Una plantación de pistachos necesita varios años de desarrollo antes de alcanzar su capacidad productiva. Esto obliga a pensar el negocio con una lógica completamente diferente a la de actividades agrícolas de ciclos más cortos.
La ventaja es que, una vez desarrollado el cultivo, las plantas pueden permanecer productivas durante décadas.
Por eso, quienes ingresan al negocio buscan combinar una inversión inicial importante con un horizonte prolongado de generación de ingresos.
“Es un negocio que requiere tiempo y planificación, pero que tiene detrás un mercado que sigue demandando y números que resultan llamativos para quienes piensan en el largo plazo”, explicó Juan Ignacio Ponelli, CEO y fundador de AgroFides.
Una demanda mundial que crece más rápido que la oferta
El atractivo del pistacho argentino también está relacionado con la estructura del mercado internacional.
La producción mundial está concentrada principalmente en Estados Unidos, Irán y Turquía. Esa concentración hace que la disponibilidad internacional dependa de un número relativamente reducido de grandes productores. Al mismo tiempo, la demanda continúa creciendo.
Una investigación publicada por Forbes Argentina a comienzos de 2026 señaló que Argentina ya contaba entonces con entre 7.000 y 9.000 hectáreas implantadas, mientras que la demanda mundial avanzaba alrededor de 6,5% anual.
La información difundida ahora por AgroFides eleva la superficie argentina a más de 9.000 hectáreas, lo que muestra la velocidad con la que continúa avanzando el cultivo.
Una inversión que tarda, pero apunta al largo plazo
El modelo económico del pistacho tiene una particularidad central: la rentabilidad no llega inmediatamente.
Primero hay que atravesar los años de implantación y desarrollo de la plantación.

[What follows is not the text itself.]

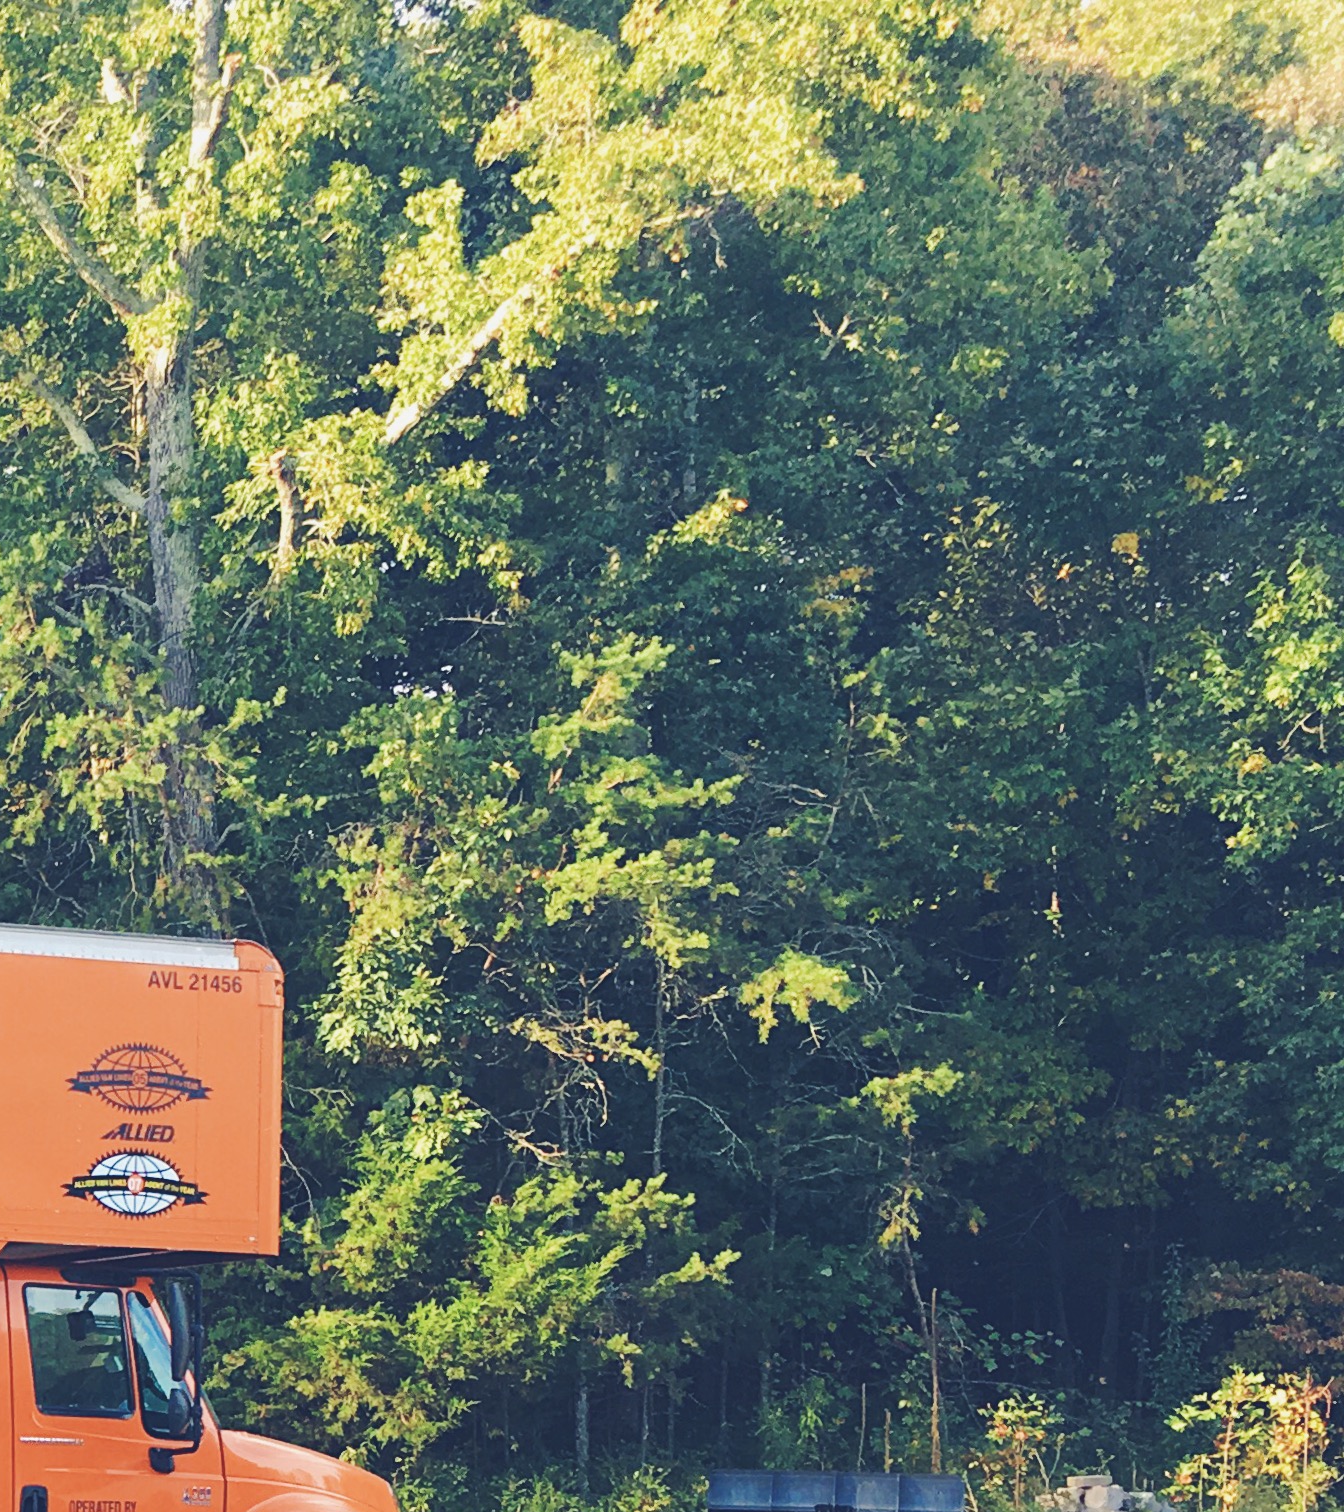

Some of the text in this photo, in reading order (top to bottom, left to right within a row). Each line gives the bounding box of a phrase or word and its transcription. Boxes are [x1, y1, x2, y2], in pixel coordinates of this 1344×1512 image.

[147, 970, 243, 994] AVL 21456
[100, 1123, 175, 1143] ALLIED

Durante ese período existen gastos vinculados con la tierra, infraestructura, riego, mantenimiento, personal y manejo agronómico, sin contar todavía con el flujo completo de una plantación madura.
Por eso, el retorno estimado de entre 14% y 20% mencionado por AgroFides debe interpretarse dentro de una estrategia de inversión de largo plazo y no como una ganancia inmediata.

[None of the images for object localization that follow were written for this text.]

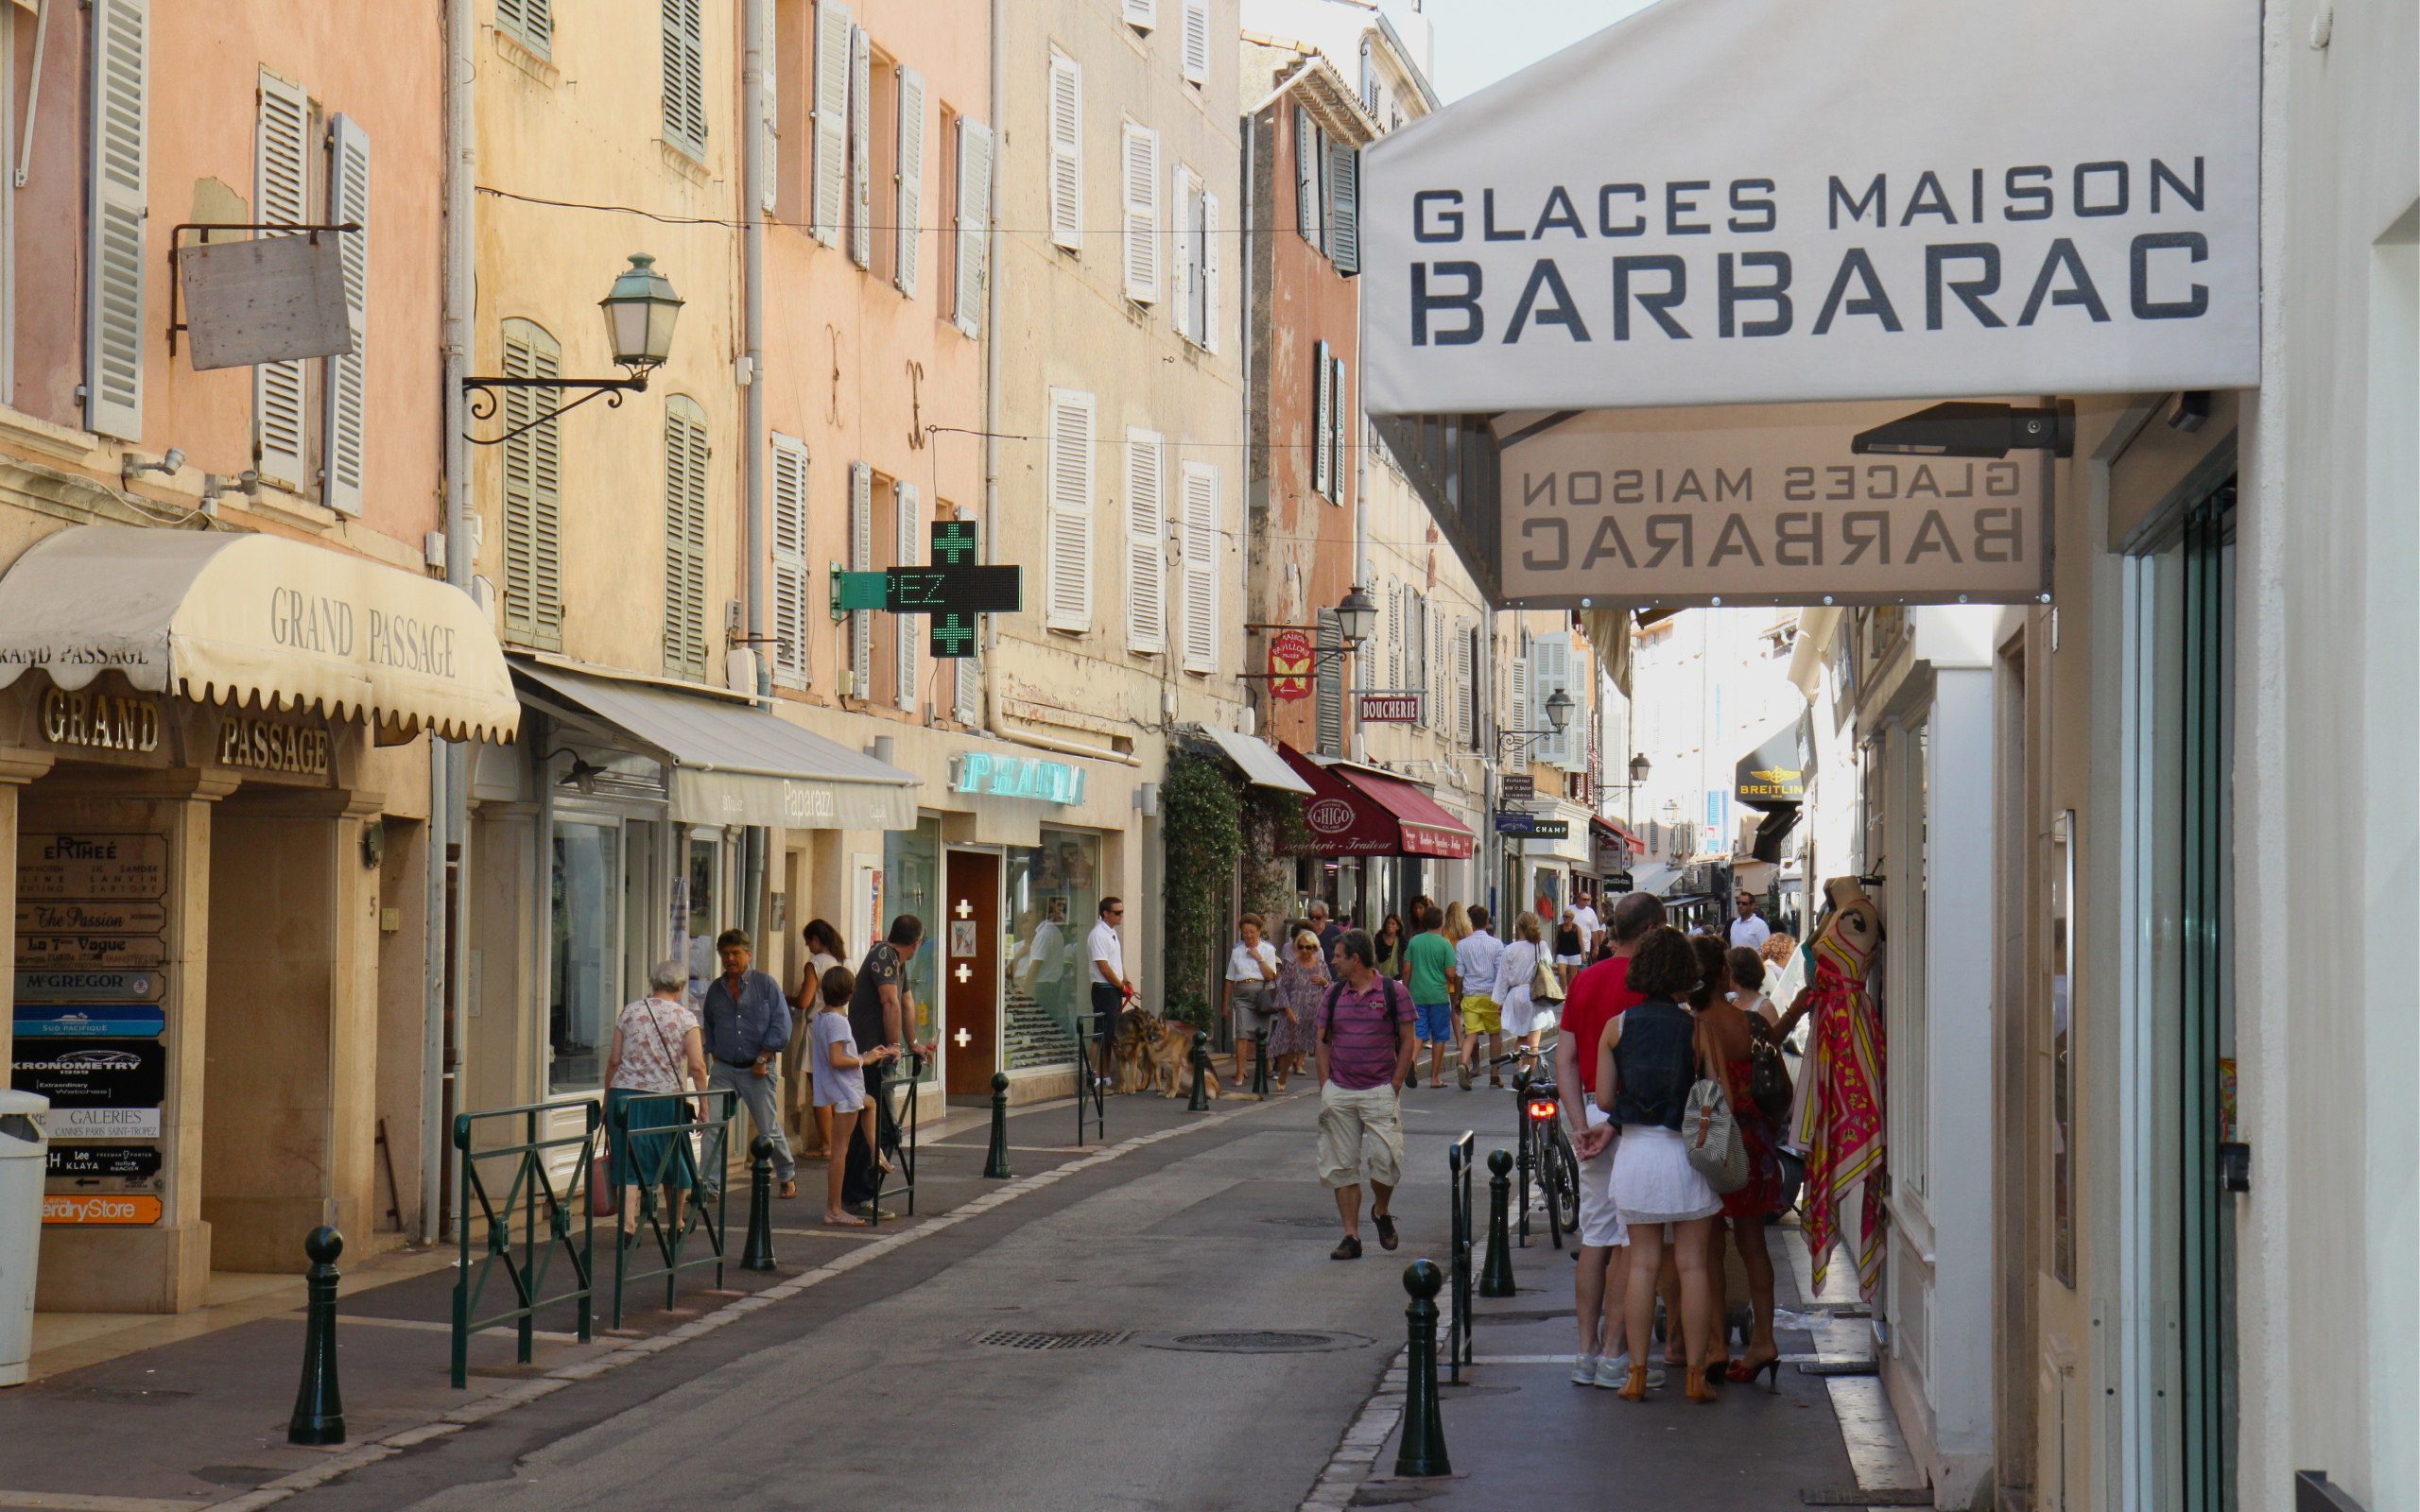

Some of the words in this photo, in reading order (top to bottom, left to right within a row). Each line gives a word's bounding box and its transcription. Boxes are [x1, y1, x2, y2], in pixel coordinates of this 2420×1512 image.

[1413, 178, 1777, 244] GLACES
[1828, 156, 2205, 230] MAISON
[1409, 231, 2210, 347] BARBARAC
[270, 586, 354, 657] GRAND
[368, 608, 456, 679] PASSAGE
[1362, 701, 1416, 718] BOUCHERIE
[44, 687, 159, 752] GRAND
[222, 716, 328, 776] PASSAGE
[1740, 785, 1804, 795] BREITLIN
[783, 779, 834, 825] Paparazzi
[1313, 807, 1350, 825] GHIGO
[1346, 836, 1392, 850] Traiteur
[120, 865, 158, 873] SANDER
[91, 875, 157, 884] LANVIN
[370, 895, 376, 917] 5
[34, 906, 63, 928] The
[66, 906, 126, 928] Passion
[27, 937, 46, 951] La
[78, 936, 126, 953] Vague
[11, 1061, 140, 1071] KRONOMETRY
[70, 1109, 142, 1125] GALERIES
[55, 1126, 83, 1137] CANNES
[85, 1126, 105, 1137] PARIS
[108, 1126, 157, 1137] SAINT-TROPEZ
[75, 1150, 90, 1160] Lee

Este aspecto también explica por qué el crecimiento del sector atrae proyectos que buscan profesionalizar la gestión de las plantaciones.
En febrero de 2026, por ejemplo, AgroFides había presentado un proyecto productivo en San Juan bajo un modelo de fideicomiso agrícola, con participación desde US$30.000 y un retorno estimado de entre 14% y 20% anual en dólares una vez iniciada la cosecha, según información de la propia compañía.

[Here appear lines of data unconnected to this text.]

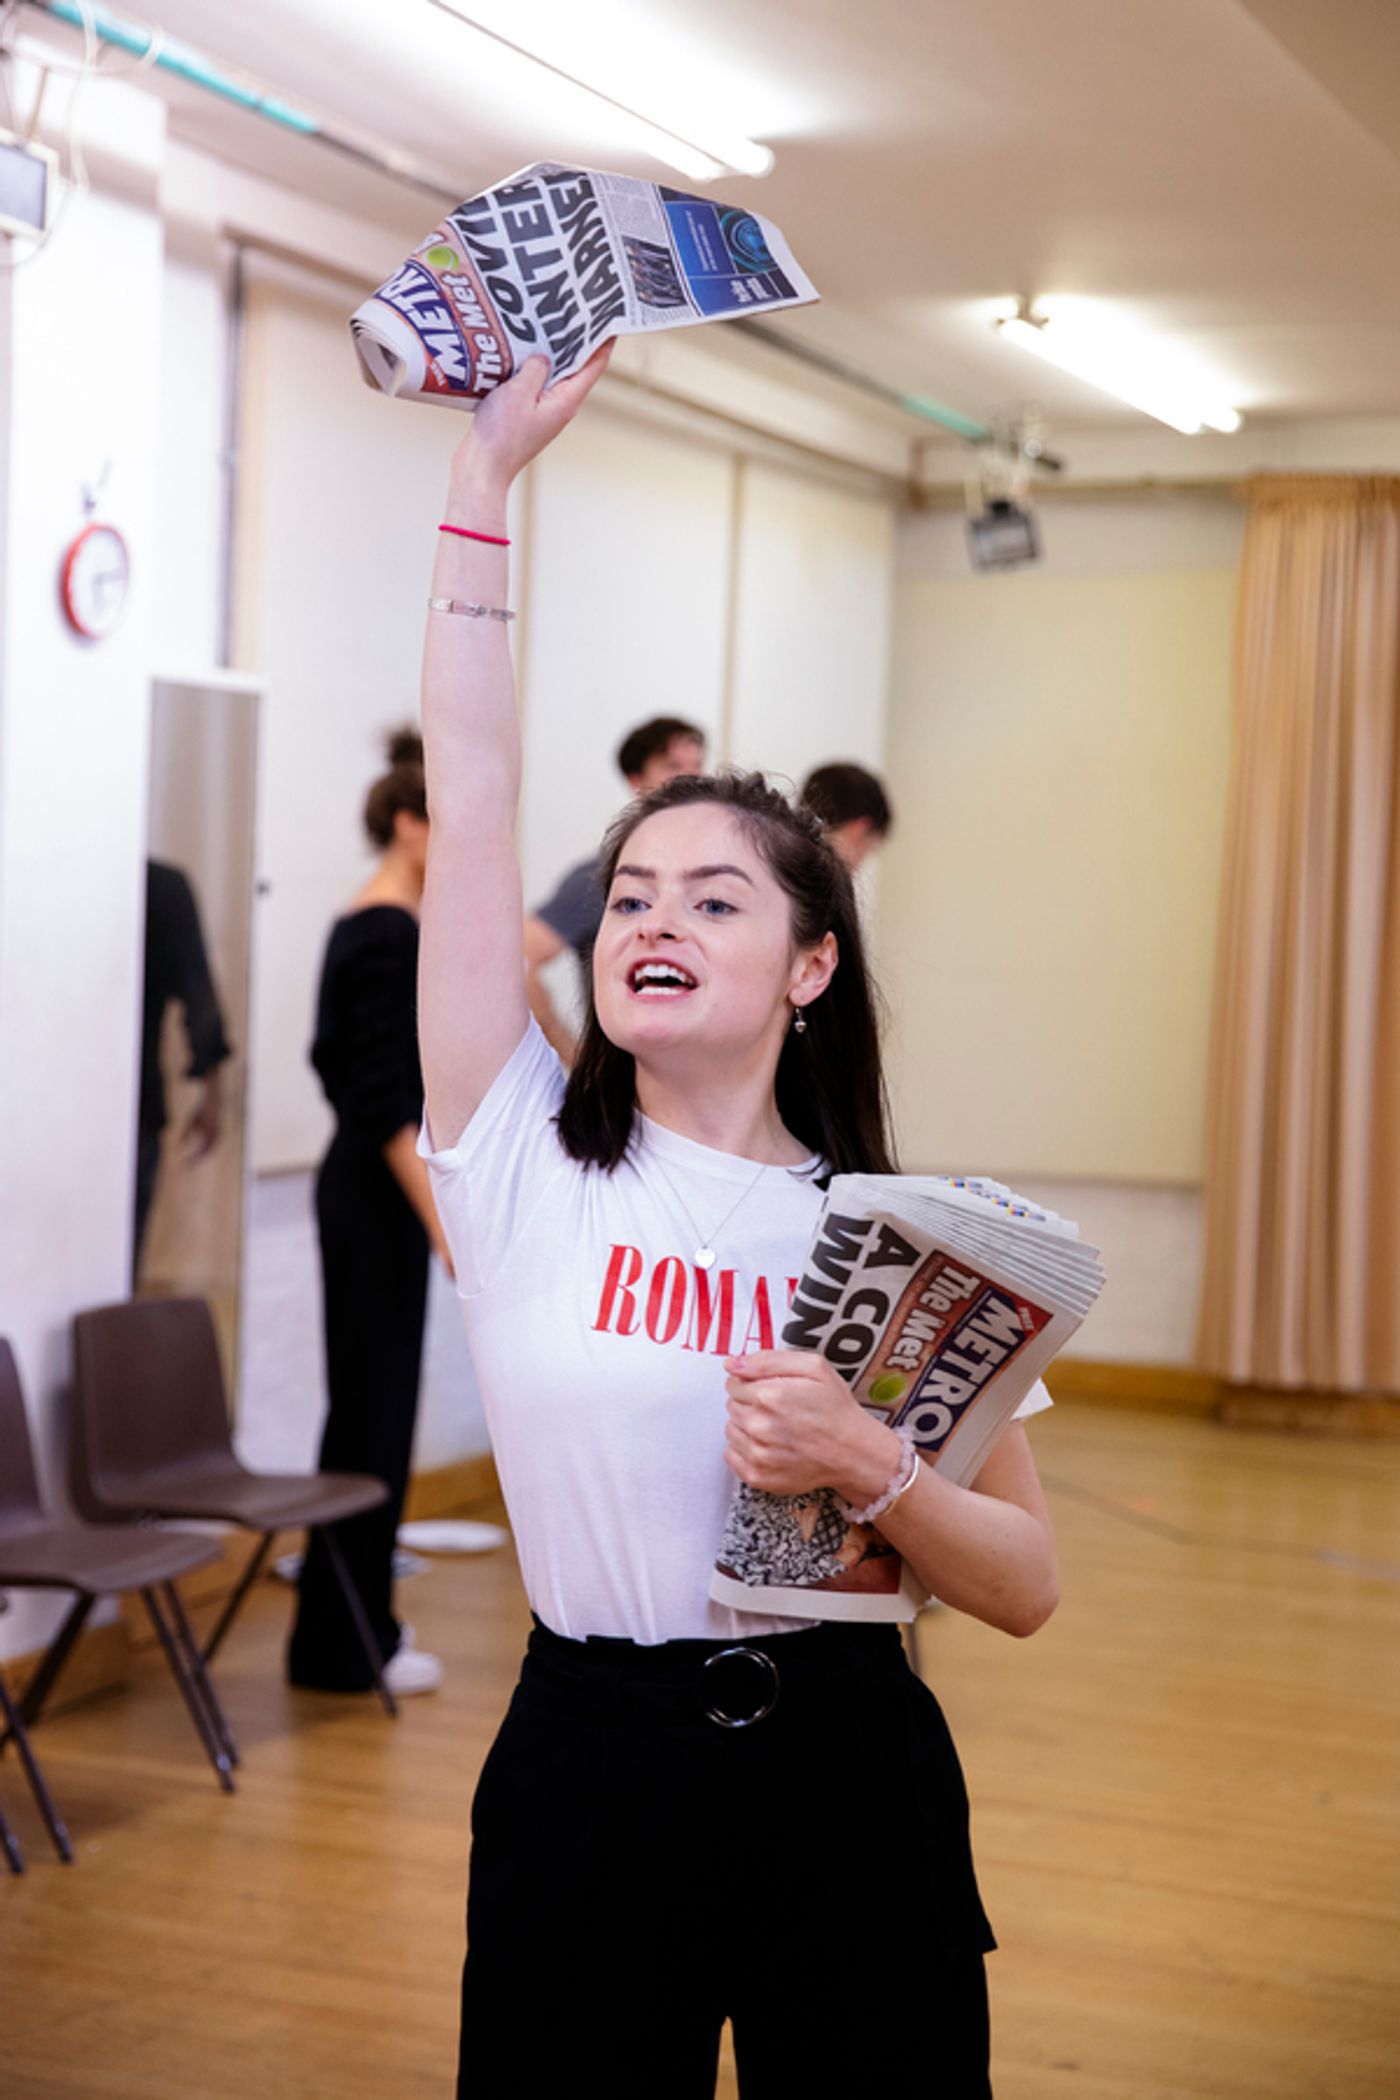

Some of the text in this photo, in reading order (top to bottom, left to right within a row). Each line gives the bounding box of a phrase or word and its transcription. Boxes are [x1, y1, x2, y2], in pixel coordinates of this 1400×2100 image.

[379, 266, 466, 381] METR
[441, 274, 501, 391] The Met
[493, 180, 585, 377] WINTER
[591, 1244, 799, 1356] ROMA
[782, 1213, 874, 1349] WIN
[863, 1223, 921, 1269] A
[886, 1266, 980, 1370] The Met
[904, 1297, 1023, 1444] METRO

De la tierra al negocio agroindustrial
El crecimiento del pistacho no implica solamente plantar más árboles.
A medida que aumenta la superficie productiva, también aparece la necesidad de desarrollar una cadena de valor más amplia: servicios agronómicos, tecnología de riego, procesamiento, clasificación, almacenamiento, logística y comercialización.
Ese es uno de los desafíos que enfrenta Argentina si pretende convertirse en un jugador relevante del mercado internacional.
“Hay una oportunidad concreta para que Argentina siga creciendo en este negocio. El desafío ahora es acompañar ese crecimiento con conocimiento, tecnología y una cadena cada vez más desarrollada, para que el valor de la producción también quede en el país”, sostuvo Ponelli.
Un negocio que puede cambiar el mapa del agro argentino
El pistacho todavía representa una porción pequeña de la producción agropecuaria argentina, pero su velocidad de crecimiento lo convirtió en una actividad que comienza a llamar la atención de productores e inversores.
El dato de las más de 9.000 hectáreas y 3 millones de árboles permite dimensionar el cambio: el cultivo ya dejó de ser una actividad experimental o de nicho y empieza a consolidar una escala industrial.
Para Argentina, el atractivo está en combinar tierras aptas, experiencia agroindustrial, capacidad exportadora y una demanda internacional que mantiene una tendencia positiva.
Pero el desafío será transformar ese crecimiento en una cadena productiva competitiva, con tecnología, conocimiento y capacidad de procesamiento.
Por ahora, el fenómeno ya tiene un dato concreto: cada vez hay más hectáreas argentinas dedicadas a un fruto que hasta hace pocos años parecía destinado principalmente a la góndola gourmet y que ahora empieza a convertirse en un negocio agroindustrial de escala.